Moody’s Analytics has tallied at least $17 billion in property damage from Florence so far. Harvey cost $125 billion and the tally for Maria in Puerto Rico is $139 billion. Katrina destroyed $161 billion in property.
Fortunately, the right infrastructure can prevent flooding, rather than treat it after the fact. Prevention is cost-effective: The National Institute of Buildings Services estimates that every dollar spent on the reduction of a community’s vulnerability to disasters saves approximately $6 in economic losses.
As an architect and urban designer working on large-scale projects, as well as a native of the Netherlands, a low-lying country that wouldn’t exist without flood-management infrastructure, I have been intrigued by recent, innovative solutions to flood prevention.
For example, the beach town of Cleveleys, in England, chose not to build a standard concrete seawall, which has all the charm of a military bunker and can block human access to the shore.

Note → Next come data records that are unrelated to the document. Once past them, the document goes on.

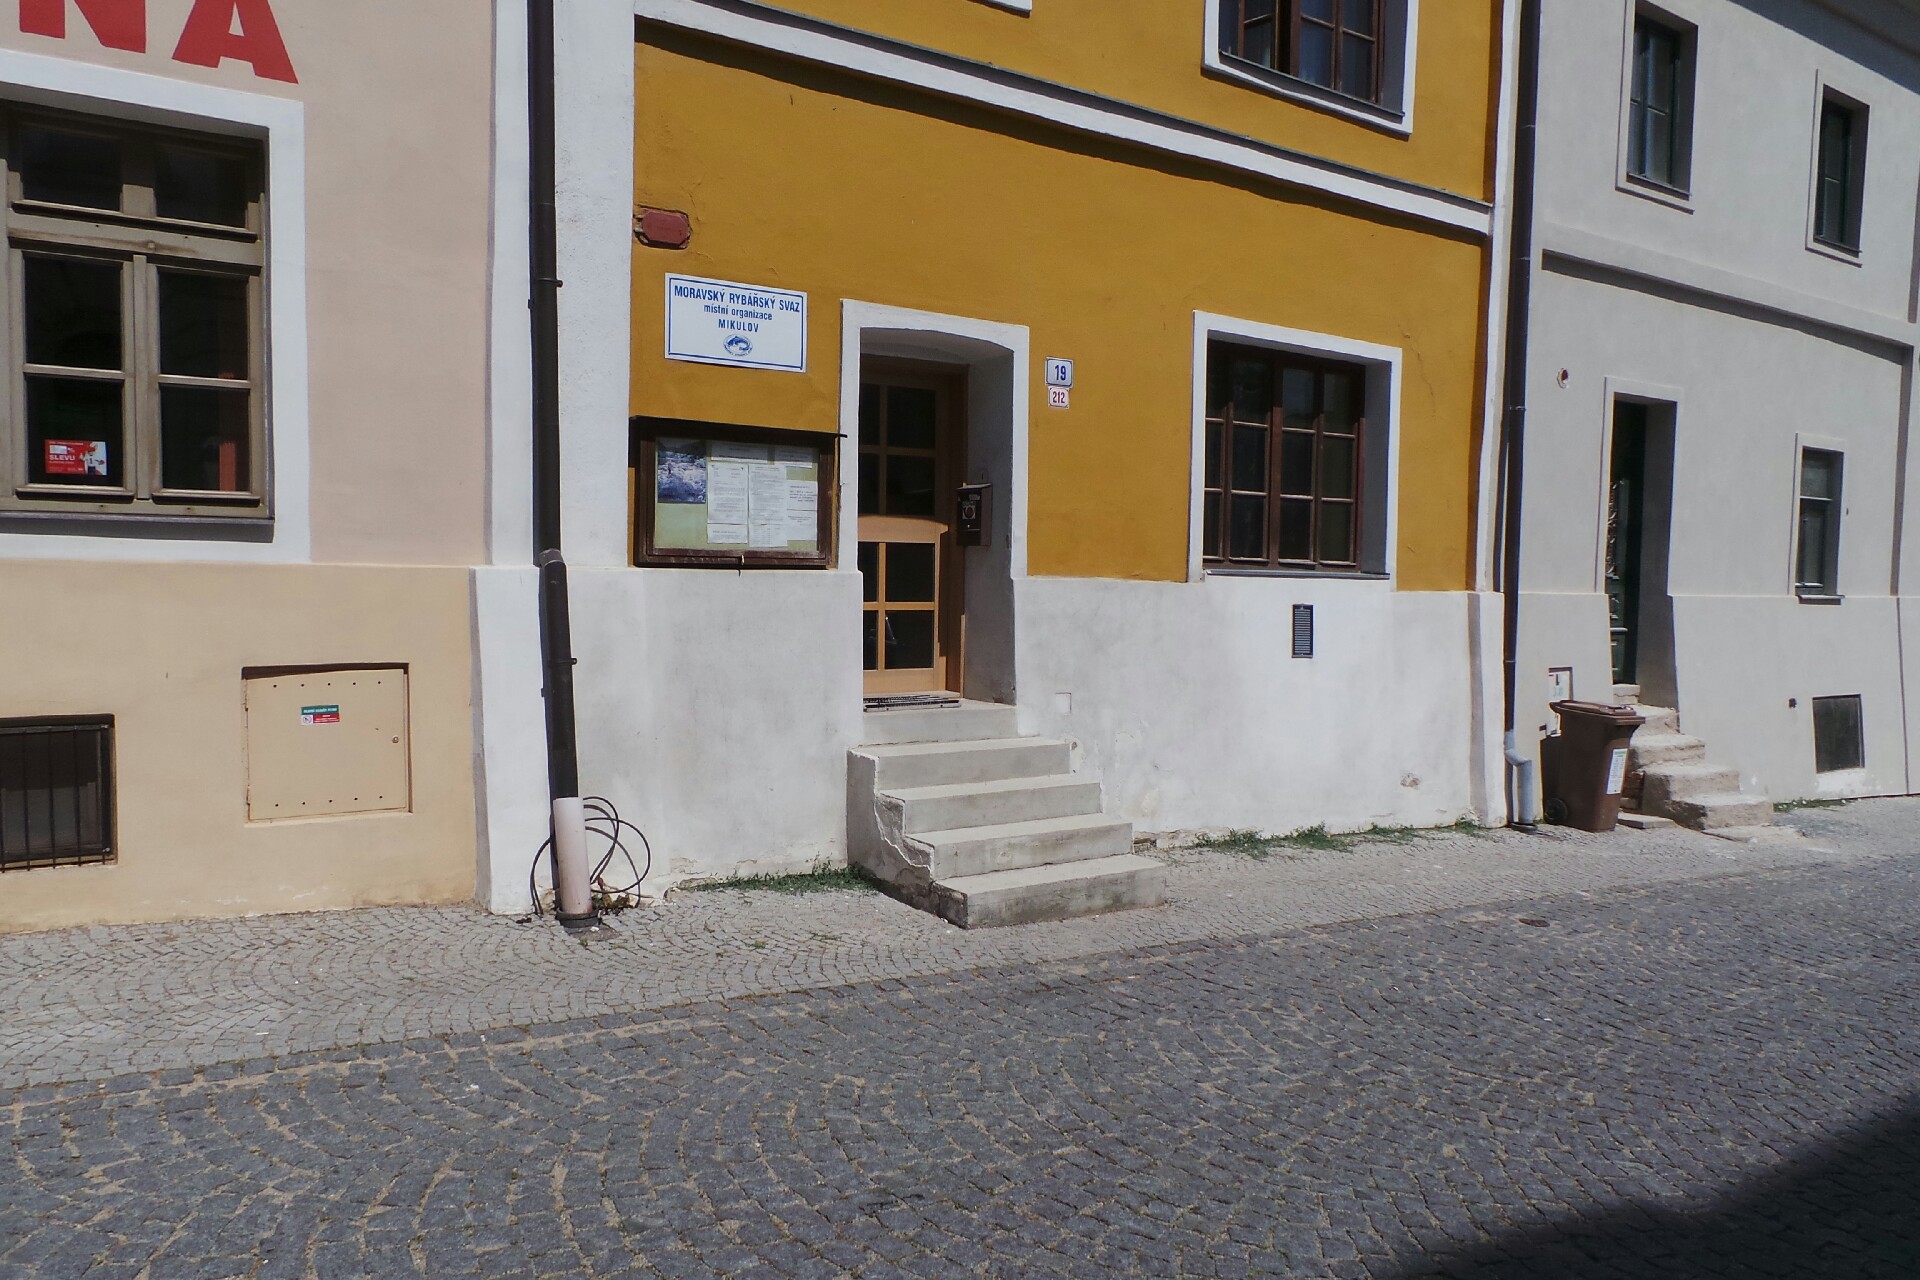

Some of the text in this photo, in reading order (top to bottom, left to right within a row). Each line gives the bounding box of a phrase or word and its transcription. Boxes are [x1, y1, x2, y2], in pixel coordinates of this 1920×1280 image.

[674, 285, 800, 312] MORAVSKÝ RYBÁŘSKÝ SVAZ
[703, 303, 772, 320] místní organizace
[718, 318, 759, 333] MIKULOV
[1054, 364, 1067, 381] 19
[1052, 391, 1066, 404] 212

Instead, the city built a structure with amphitheater-like viewing spaces and steps. The steps accentuate the beautiful curvilinear shapes, while creating access to the beach and adding public space, which is important for a coastal town that relies on tourists.
Flood protection can even be integrated into buildings. The Dutch coastal town Katwijk aan Zee integrated a levee with a parking garage, and covered it with landscaping. In Rotterdam, levees include built-in shops and parks. This type of infrastructure has economic benefits beyond flood protection.

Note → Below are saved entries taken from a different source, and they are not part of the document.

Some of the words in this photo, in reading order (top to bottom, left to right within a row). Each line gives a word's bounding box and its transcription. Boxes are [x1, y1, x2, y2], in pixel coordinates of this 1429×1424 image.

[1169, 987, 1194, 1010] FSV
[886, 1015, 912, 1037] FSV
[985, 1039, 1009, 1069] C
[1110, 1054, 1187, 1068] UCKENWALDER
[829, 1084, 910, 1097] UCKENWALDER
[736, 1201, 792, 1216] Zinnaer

Finally, some of the best solutions rely on an ancient flood protection device: dune grass, a saltwater tolerant plant that stabilizes dunes and prevents erosion. In contrast to reinforced concrete defenses that take the full force of waves until they are worn away by the sea, dunes absorb the waves’ velocity, while beautifying the landscape and providing habitats.
By marrying flood management with creative urban and landscape design, infrastructure can become a strategic civic asset. In addition, it can pay for itself by unlocking the real estate and economic development potential of newly protected areas. The new normal of flooding and sea-level rise poses great challenges, but it also offers opportunities to improve our urban areas and landscapes.
Stefan Al is Associate Professor of Urban Design at the University of Pennsylvania. He has published several books, including Factory Towns of South China: An Illustrated Guidebook and The Strip: Las Vegas and the Architecture of the American Dream. As a practicing architect and urban designer, he has worked on renowned projects such as the Canton Tower in Guangzhou.